The Inspector caught a change in the tone at that monosyllable. It was rather louder and more decided than the “Yes” which had preceded it. Natural enough, in a way. But only . . . only if Castleford had reason to suspect that his wife’s death was not an accidental one. So evidently here was someone else beginning to think that there might be more in it than accident. Funny, that.
“You were playing golf?” he asked casually.
“No, I merely dropped in to read the papers. I always go over there on this day of the week to look at the weekly reviews.”
“Meet anyone you knew?”
“One or two people,” Castleford said, with an accentuation of the air of suspicion with which he had been regarding the Inspector.

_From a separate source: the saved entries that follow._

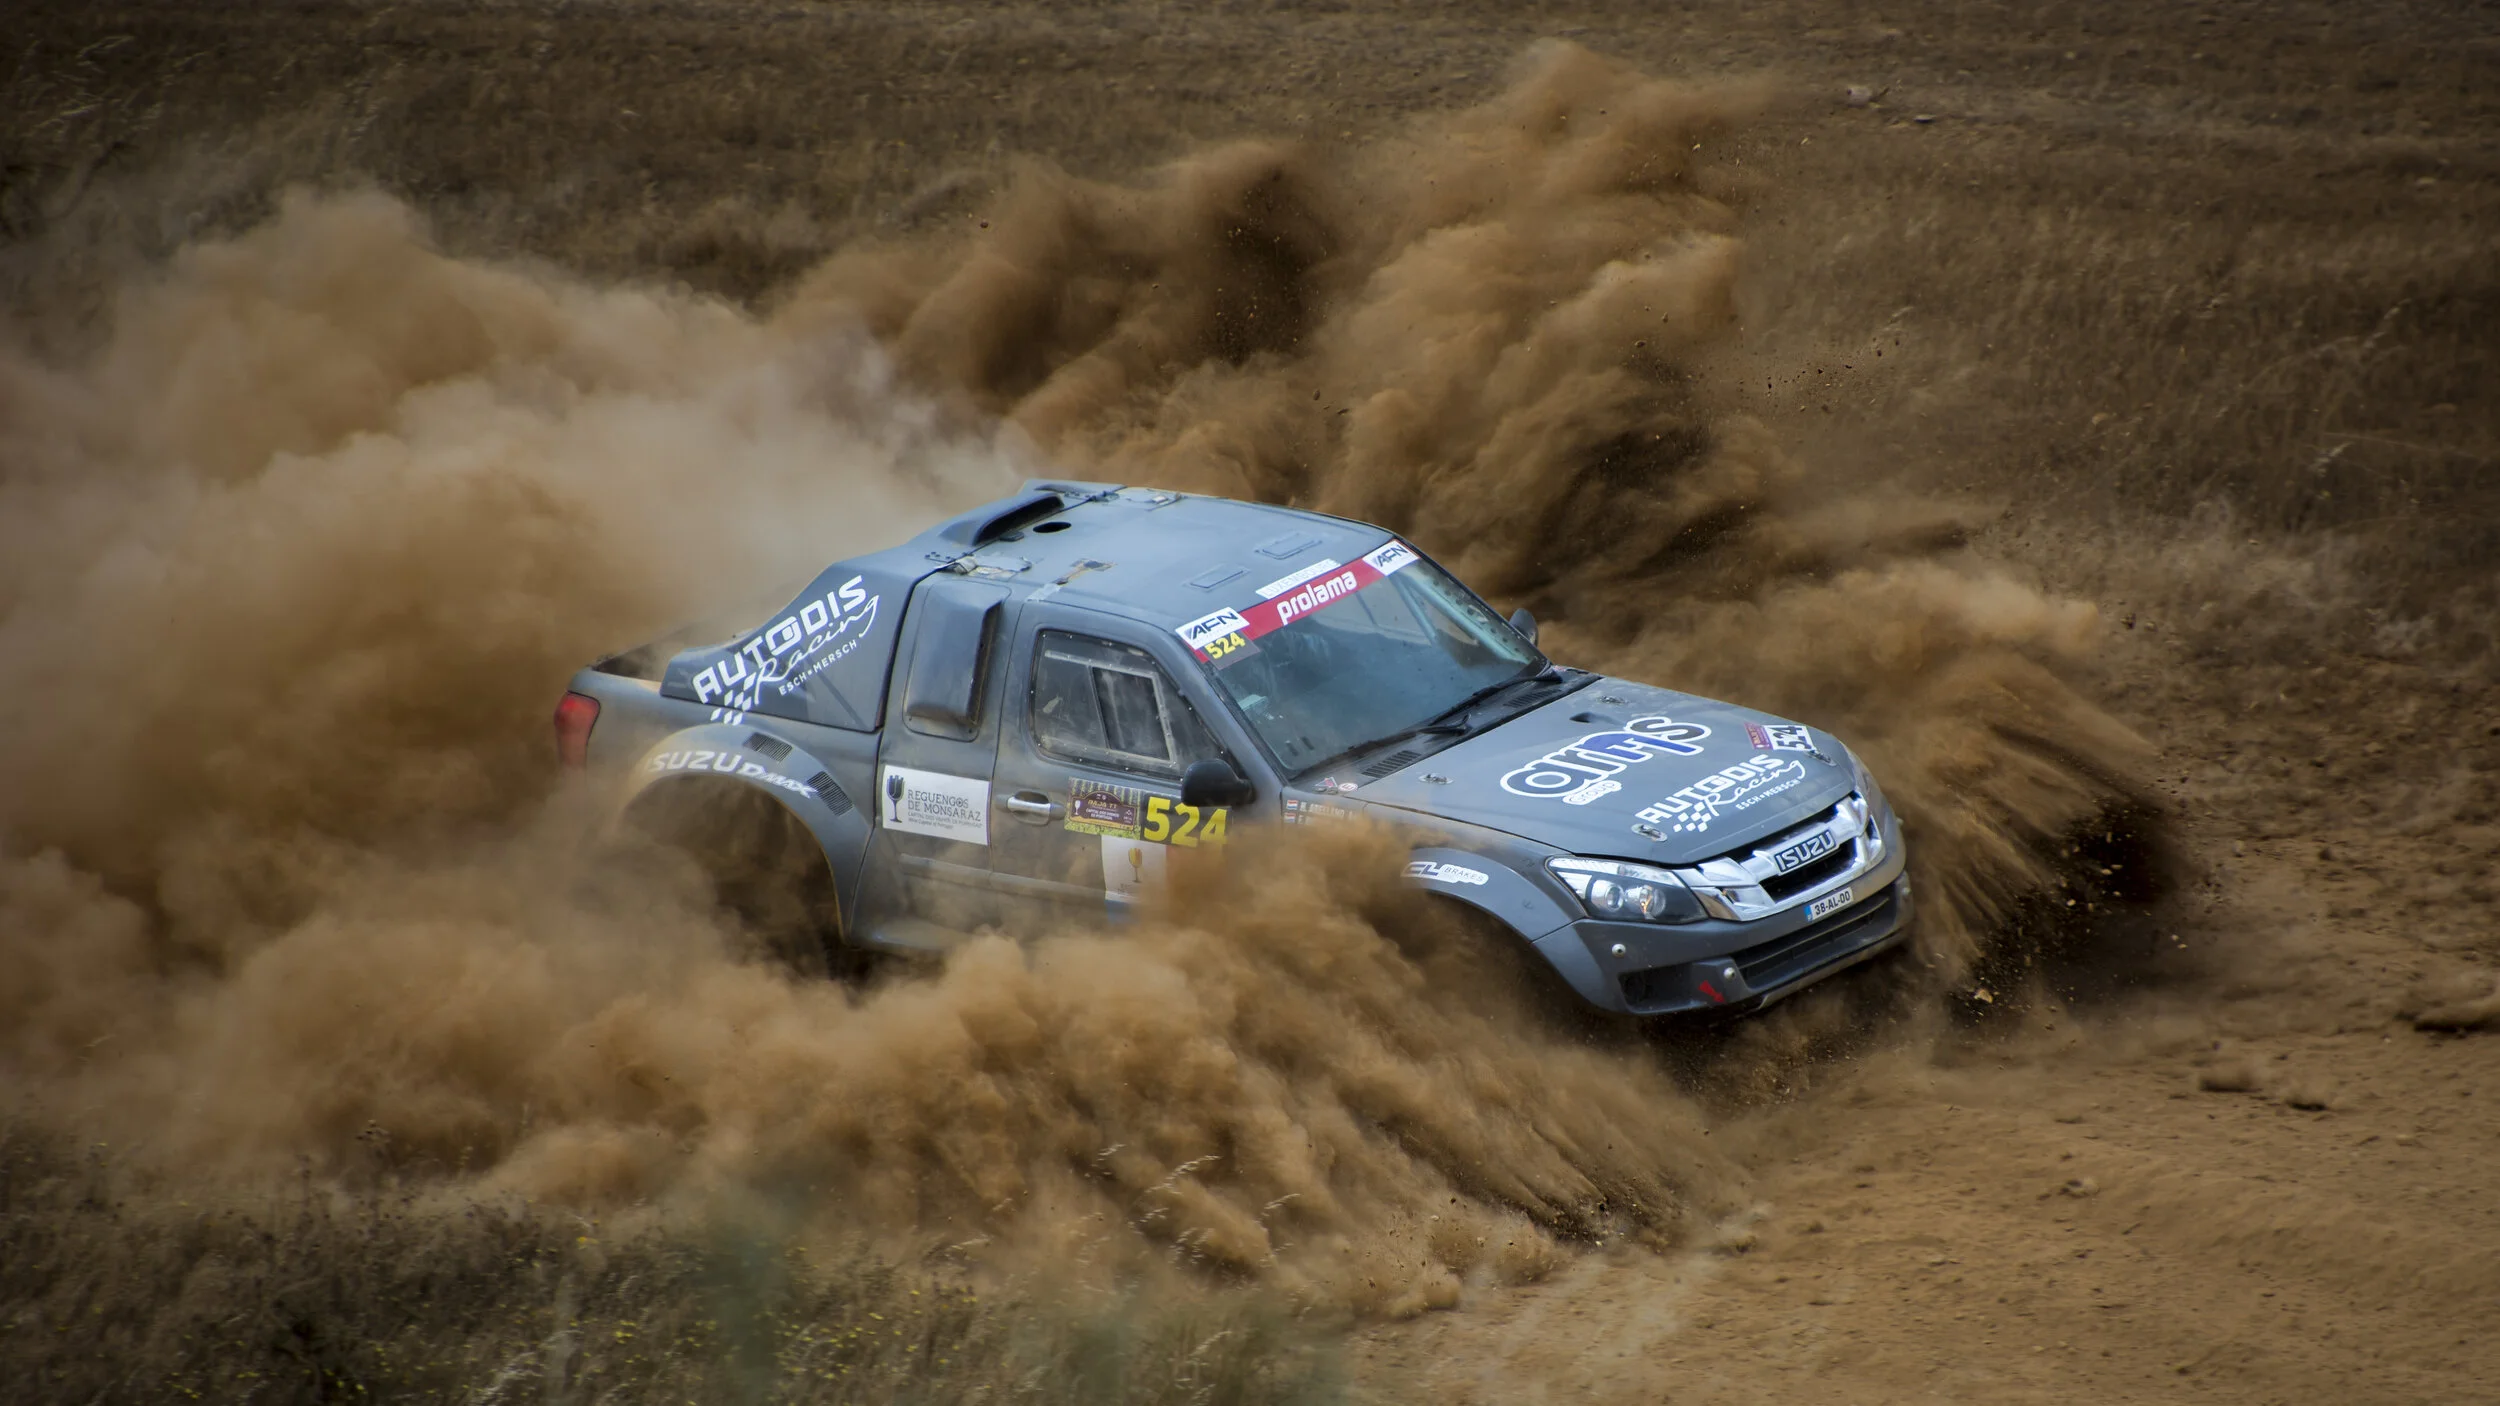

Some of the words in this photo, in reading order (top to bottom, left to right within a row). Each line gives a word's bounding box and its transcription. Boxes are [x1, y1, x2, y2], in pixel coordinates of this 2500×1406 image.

[1377, 545, 1409, 567] AFN
[1276, 571, 1357, 626] prolama
[692, 575, 866, 704] AUTODIS
[1191, 612, 1239, 640] AFN
[754, 595, 879, 706] Racing
[1204, 632, 1246, 659] 524
[1769, 726, 1812, 749] 524
[646, 751, 742, 773] SUZU
[907, 789, 969, 809] REGUENGOS
[1635, 754, 1785, 824] AUTODIS
[1704, 760, 1805, 817] Racing
[907, 800, 921, 812] DE
[923, 803, 981, 822] MONSARAZ
[1144, 796, 1227, 848] 524
[1775, 831, 1835, 871] ISUZU
[1814, 890, 1851, 916] 38-AL-00
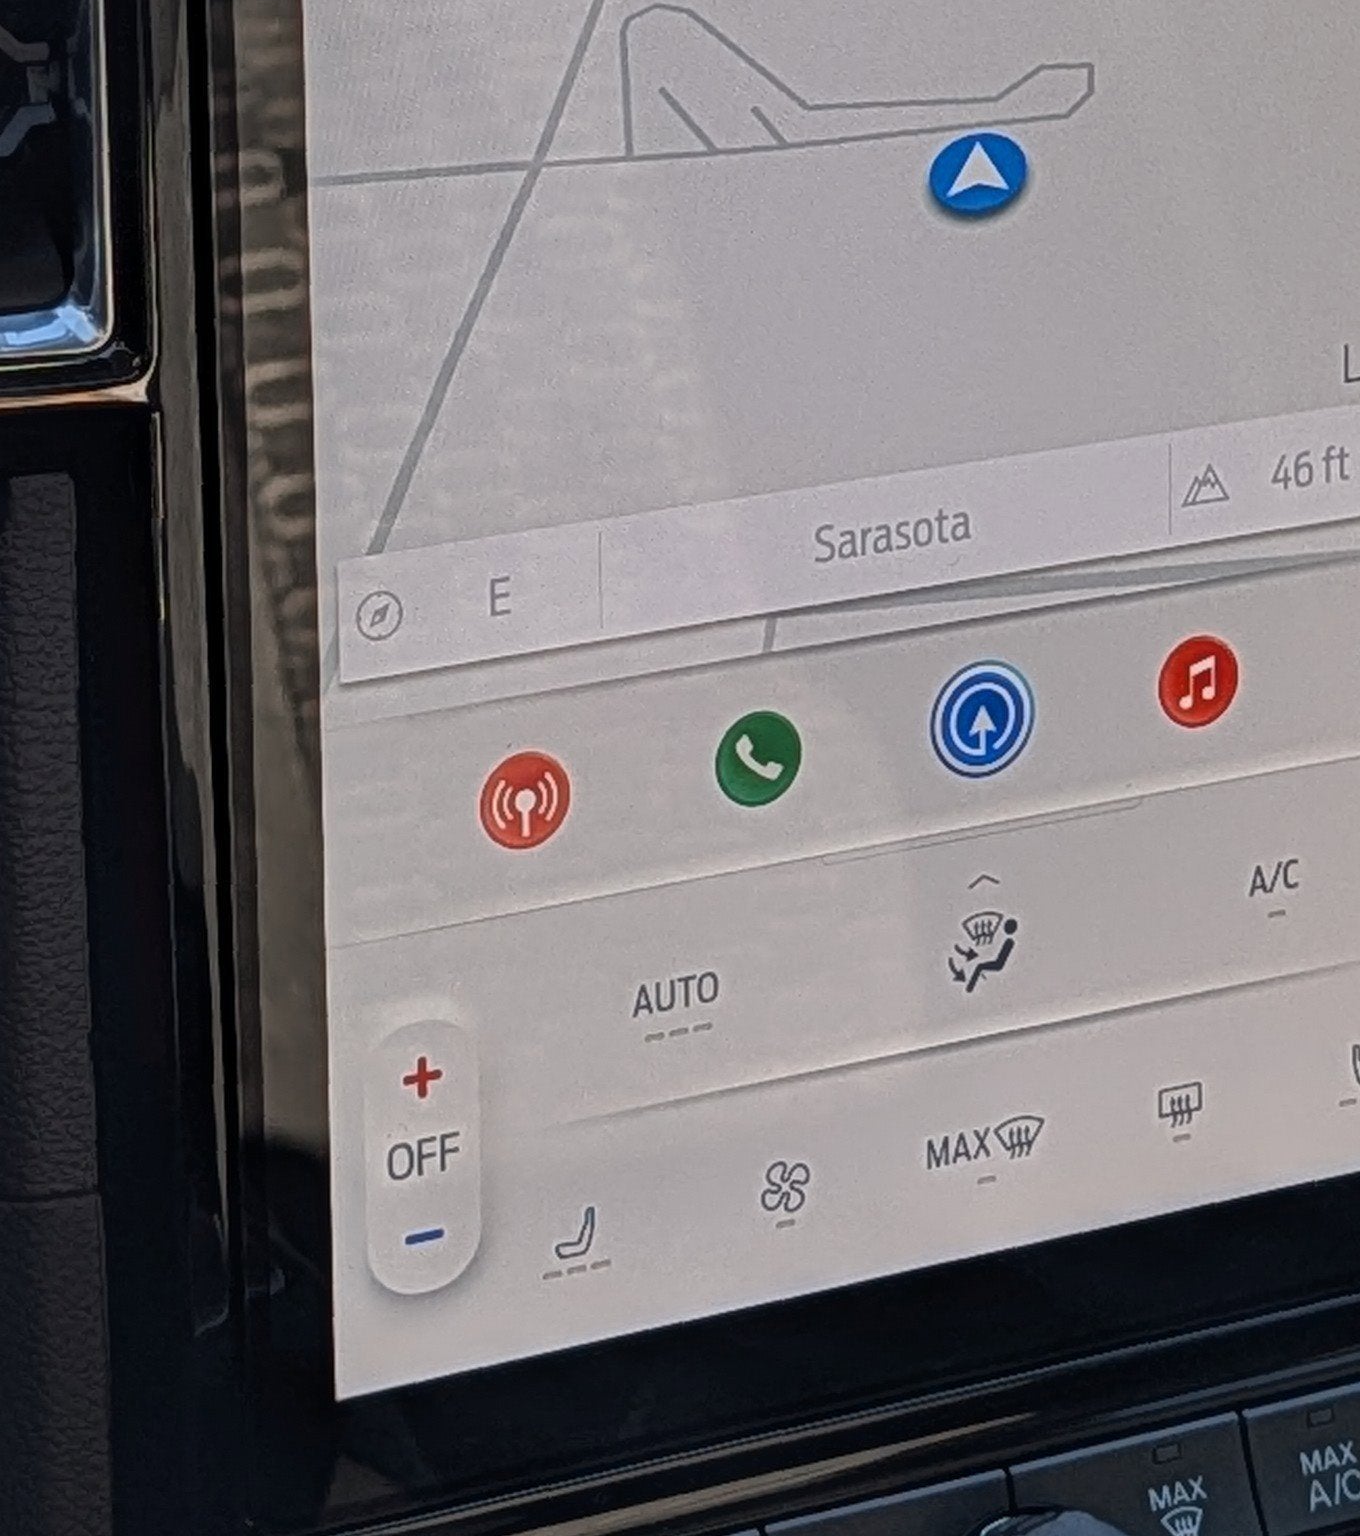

Westerham rapidly considered his tactics. Quite obviously, if he pushed the matter further at this moment, it would be equivalent to a tacit accusation against Castleford; and he had not the faintest grounds for such a thing. It would be a better course to postpone an examination of Castleford until he himself had time to collect evidence by which he could check things independently.
“Did you meet anyone else on the road?”
“My daughter.”
A thought crossed the Inspector’s mind: “Now, why doesn’t he resent my badgering him? Most people would have fired up at questions like that, and wanted to know what I was getting at.” Then something in Castleford’s attitude suggested a possible explanation. “He looks as if he’d no spunk left in him—as if he’d been browbeaten or henpecked, or something like that.”